As a kid growing up in Sweden, getting stuff fixed around the house seemed as easy as throwing a load of laundry in the machine. When my mom Solgerd pulled on her paint-splattered corduroys, something good was usually about to happen. I still vividly remember the green pedal car she built for me when I was seven years old, complete with a vintage Volvo steering wheel. Or the wave-shaped headboard I got as a surprise when I turned 12. So when my mom and my stepdad Lars Hoglund told me they were buying a 19th-century tear down in southern Sweden, I didn’t even flinch. I knew they’d turn dust into magic.

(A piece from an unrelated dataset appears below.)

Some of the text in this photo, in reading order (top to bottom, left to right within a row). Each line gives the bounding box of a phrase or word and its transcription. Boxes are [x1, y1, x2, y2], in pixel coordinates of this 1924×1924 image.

But as the photographs of their renovation project began to appear, I started having doubts. My mom, in head-to-toe snow gear, could be seen peeking through a boulder-sized hole in the centuries-old foundation. Lars would be holding a piece of 1920s wallpaper and pointing to rotten wall boards. My grandmother would visit the site and stand next to the gaping hole that used to be the staircase. And in one photograph, snow was falling in through the roof. Worst of all was the lawn which, like a cemetery for machinery, was scattered with 7000 pounds of rusty tractor pieces, a sunken bulldozer and a few retired haybalers. In all of these photos, my mom and Lars were smiling as if unaware of the obstacles surrounding them.

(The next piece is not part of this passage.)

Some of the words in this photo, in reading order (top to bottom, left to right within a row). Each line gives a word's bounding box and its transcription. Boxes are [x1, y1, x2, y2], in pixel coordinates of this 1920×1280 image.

I guess I should have known better. Five years after they pulled down the first wall, my parents had turned the impossible into a paradise. Not only did they restore the property, built in 1887, but they preserved as much of the original material as possible. From the previous owner’s favorite kitchen chair (now a coat rack) to the hen house turned into a guest house, they had transformed the property into a 21st century home while honoring its past.
Photographs by Ulrica Wihlborg ©2016.